Saved entries:
::::
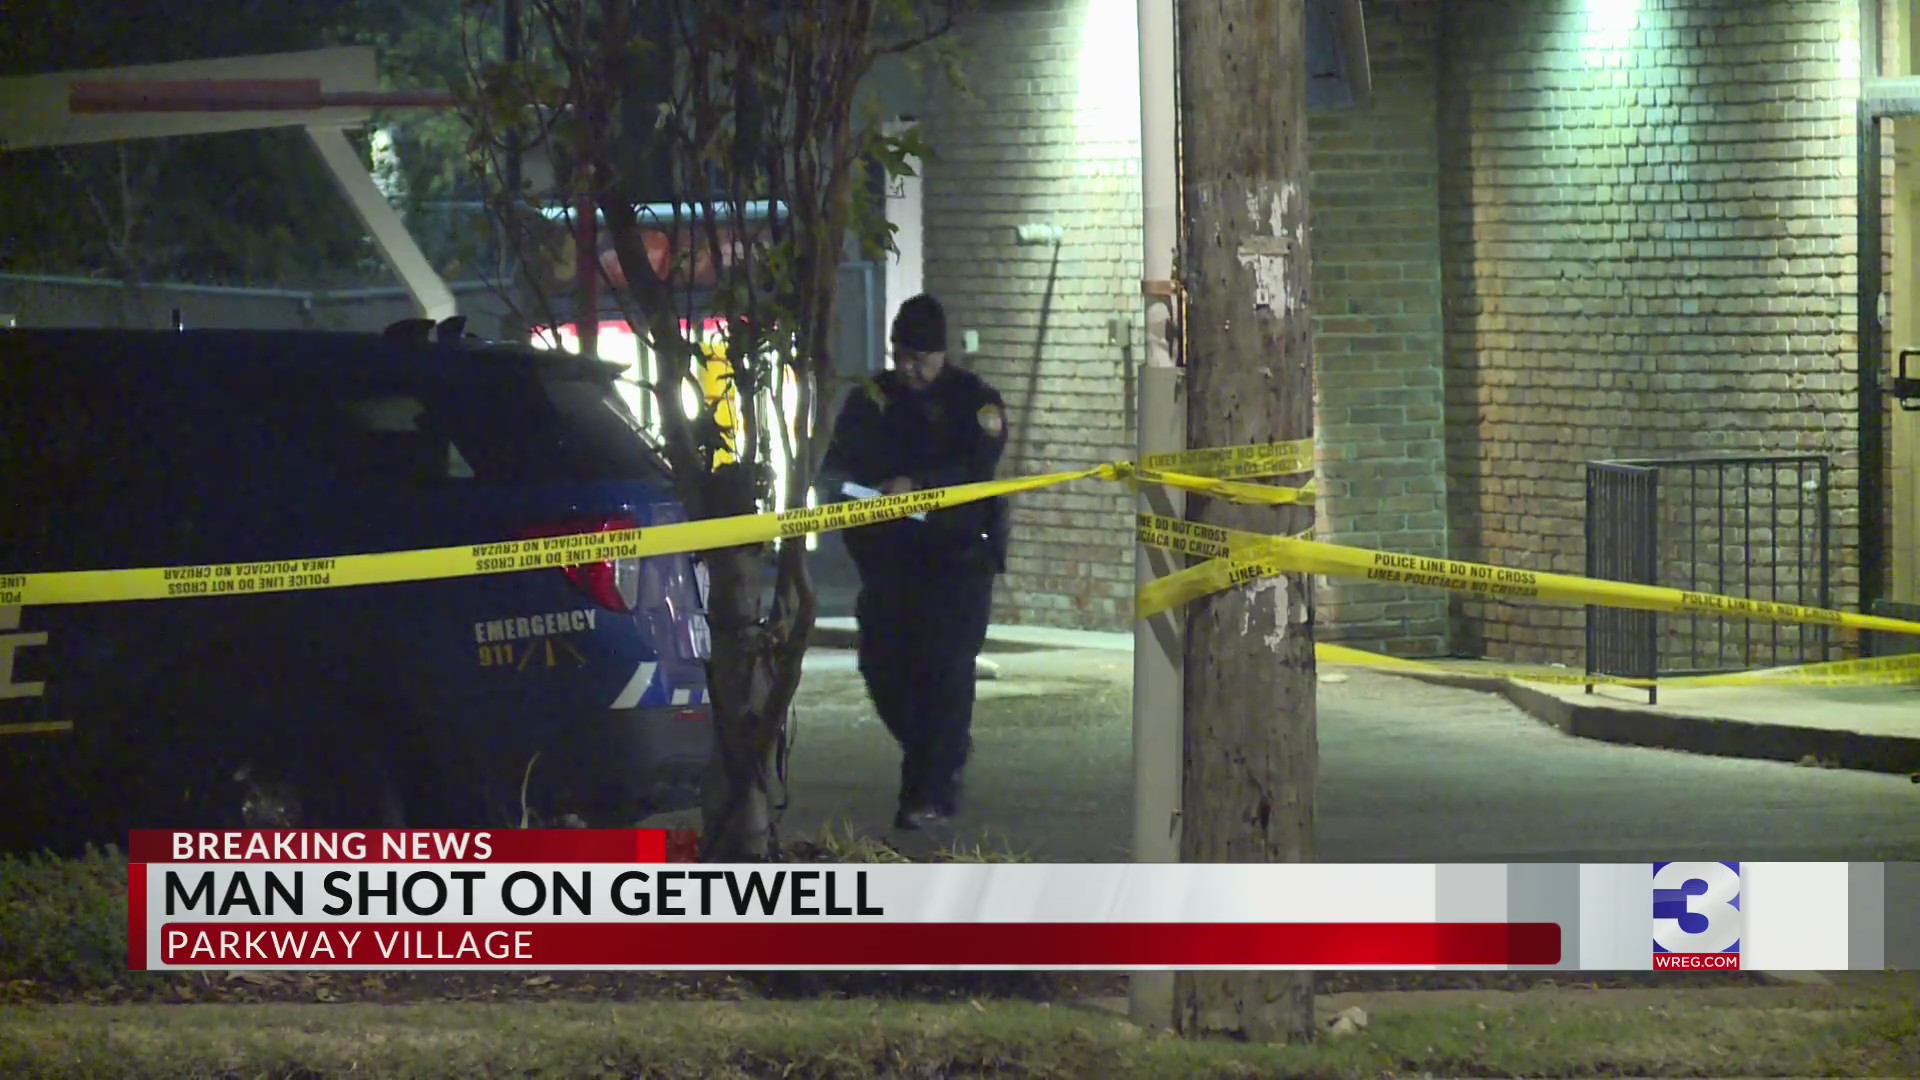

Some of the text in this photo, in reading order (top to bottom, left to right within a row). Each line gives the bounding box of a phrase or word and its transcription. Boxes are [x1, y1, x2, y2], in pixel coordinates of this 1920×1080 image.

[827, 502, 843, 515] NO
[850, 511, 866, 525] DO
[869, 507, 896, 521] LINE
[780, 519, 819, 535] CROSS
[824, 515, 846, 529] NOT
[1155, 518, 1169, 531] DO
[1171, 520, 1191, 536] NOT
[1194, 525, 1228, 543] CROSS
[472, 530, 642, 557] LINEA POLICIACA NO CRUZAR
[1172, 537, 1186, 550] NO
[1189, 541, 1230, 559] CRUZAR
[476, 545, 637, 571] POLICE LINE DO NOT CROSS
[164, 559, 336, 580] LINEA POLICIACA NO CRUZAR
[1229, 564, 1264, 584] LINEA
[1367, 568, 1401, 582] LINEA
[1374, 553, 1536, 585] POLICE LINE DO NOT CROSS
[168, 572, 330, 595] POLICE LINE DO NOT CROSS
[475, 608, 597, 643] EMERGENCY
[479, 644, 514, 667] 911
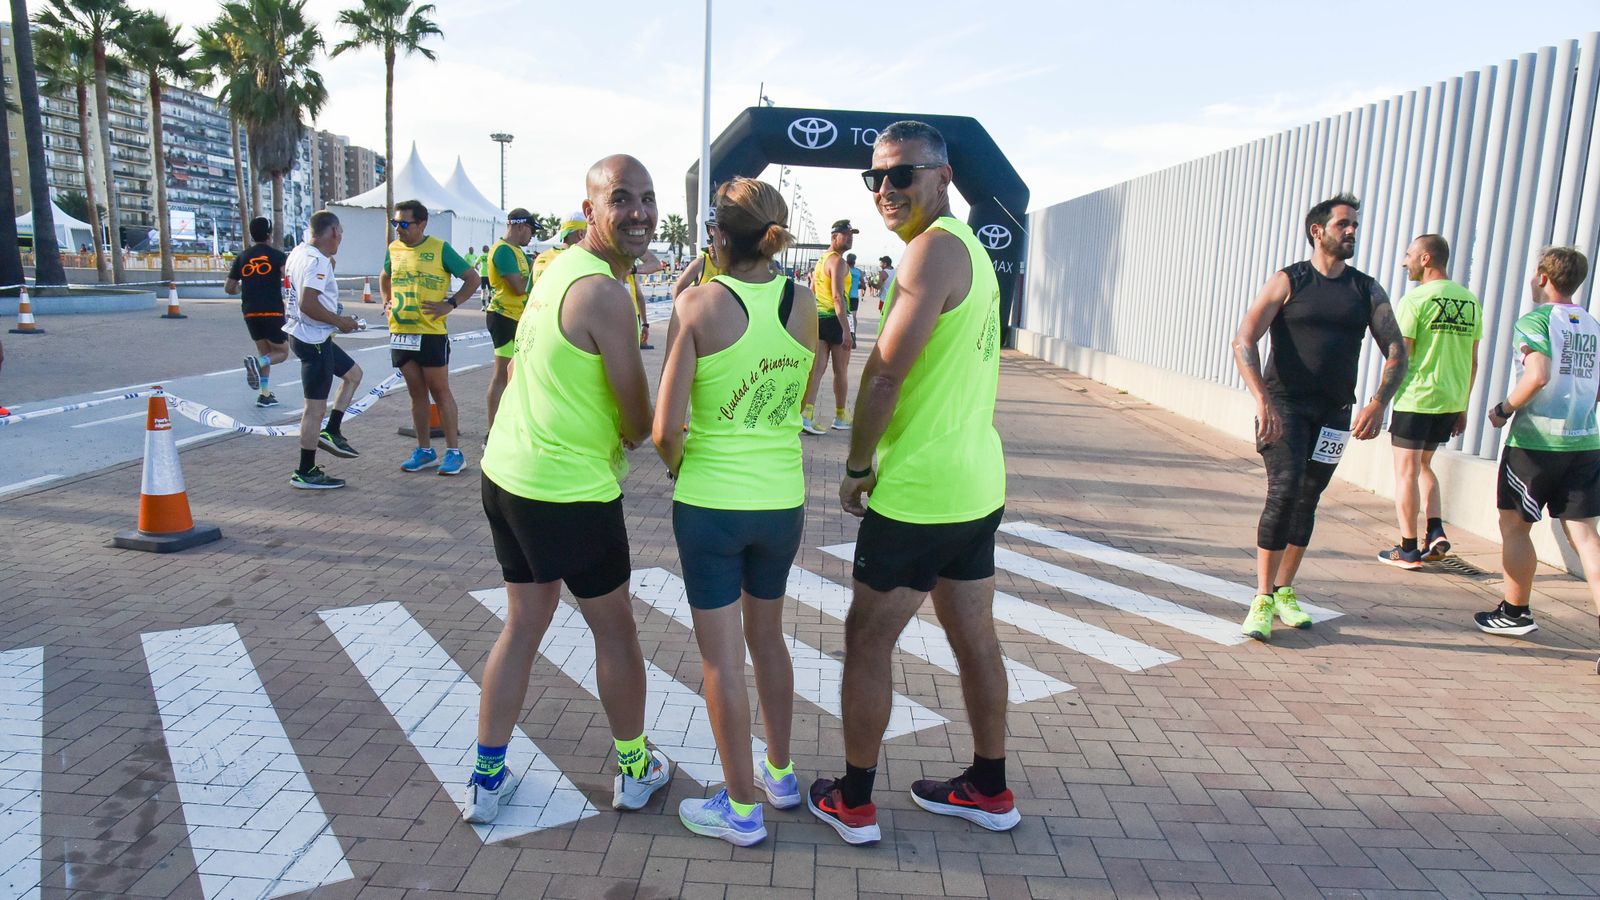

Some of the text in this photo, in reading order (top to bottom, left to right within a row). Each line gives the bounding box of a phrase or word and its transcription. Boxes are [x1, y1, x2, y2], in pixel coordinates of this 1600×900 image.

[850, 127, 880, 146] TO
[1431, 297, 1475, 326] XXI
[750, 371, 759, 385] de
[1318, 440, 1344, 455] 238
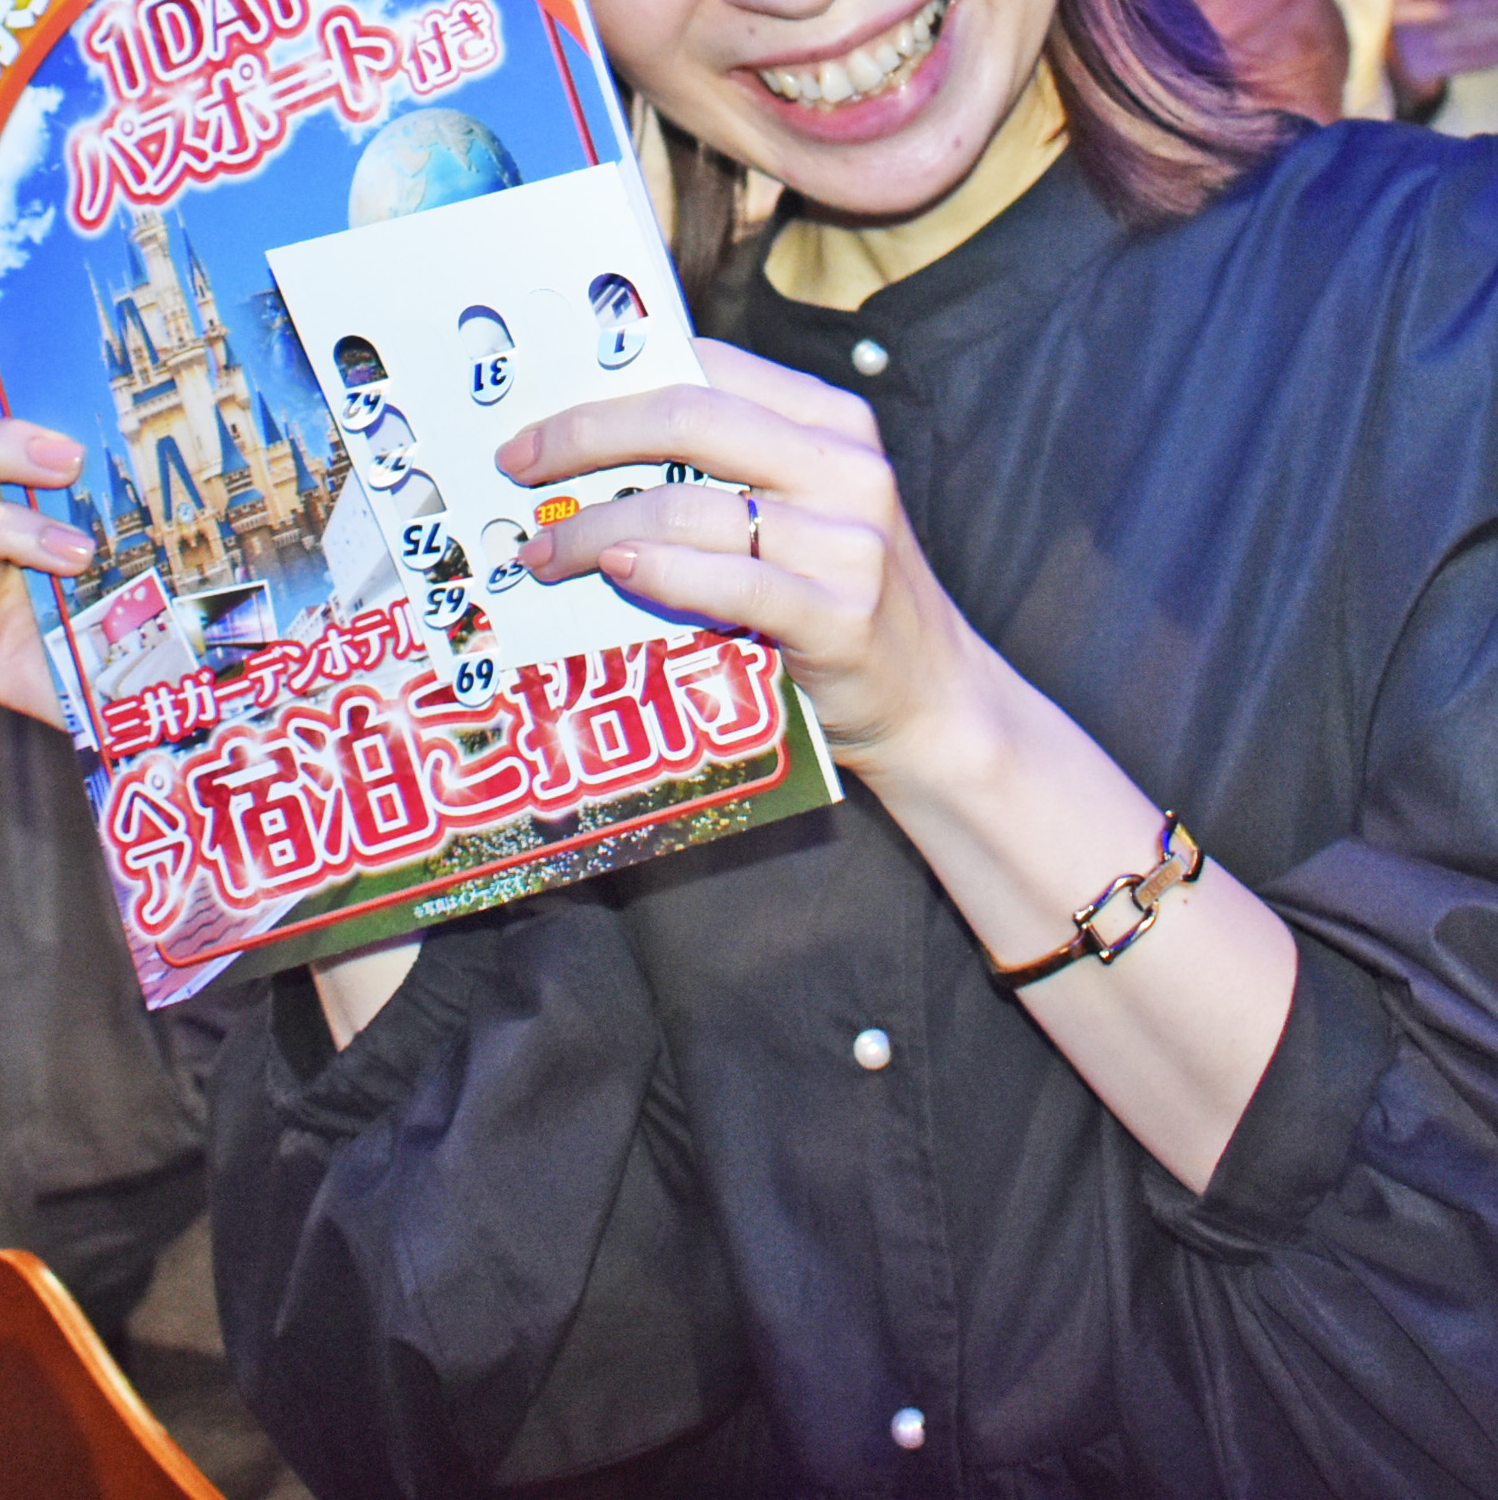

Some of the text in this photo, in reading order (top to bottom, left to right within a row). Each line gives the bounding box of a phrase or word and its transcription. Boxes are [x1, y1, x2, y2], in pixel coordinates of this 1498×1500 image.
::::
Activity:
Your copy should be the entries retyped exactly, with no images in it.

Task solution:
Some of the text in this photo, in reading order (top to bottom, left to right within a row). Each line gives the bounding box of a phrase or word and its transcription. Boxes are [x1, y1, x2, y2], in pixel coordinates of this 1920×1080 image.

[827, 502, 843, 515] NO
[850, 511, 866, 525] DO
[869, 507, 896, 521] LINE
[780, 519, 819, 535] CROSS
[824, 515, 846, 529] NOT
[1155, 518, 1169, 531] DO
[1171, 520, 1191, 536] NOT
[1194, 525, 1228, 543] CROSS
[472, 530, 642, 557] LINEA POLICIACA NO CRUZAR
[1172, 537, 1186, 550] NO
[1189, 541, 1230, 559] CRUZAR
[476, 545, 637, 571] POLICE LINE DO NOT CROSS
[164, 559, 336, 580] LINEA POLICIACA NO CRUZAR
[1229, 564, 1264, 584] LINEA
[1367, 568, 1401, 582] LINEA
[1374, 553, 1536, 585] POLICE LINE DO NOT CROSS
[168, 572, 330, 595] POLICE LINE DO NOT CROSS
[475, 608, 597, 643] EMERGENCY
[479, 644, 514, 667] 911

Some of the text in this photo, in reading order (top to bottom, left to right within a row). Each line gives the bounding box of a phrase or word and its transcription. Boxes are [x1, y1, x2, y2], in pixel coordinates of this 1600×900 image.

[850, 127, 880, 146] TO
[1431, 297, 1475, 326] XXI
[750, 371, 759, 385] de
[1318, 440, 1344, 455] 238

Some of the text in this photo, in reading order (top to bottom, left to right within a row). Each line gives the bounding box of a phrase or word and its transcription. Boxes are [x1, y1, x2, y2], in pixel coordinates of this 1498×1500 image.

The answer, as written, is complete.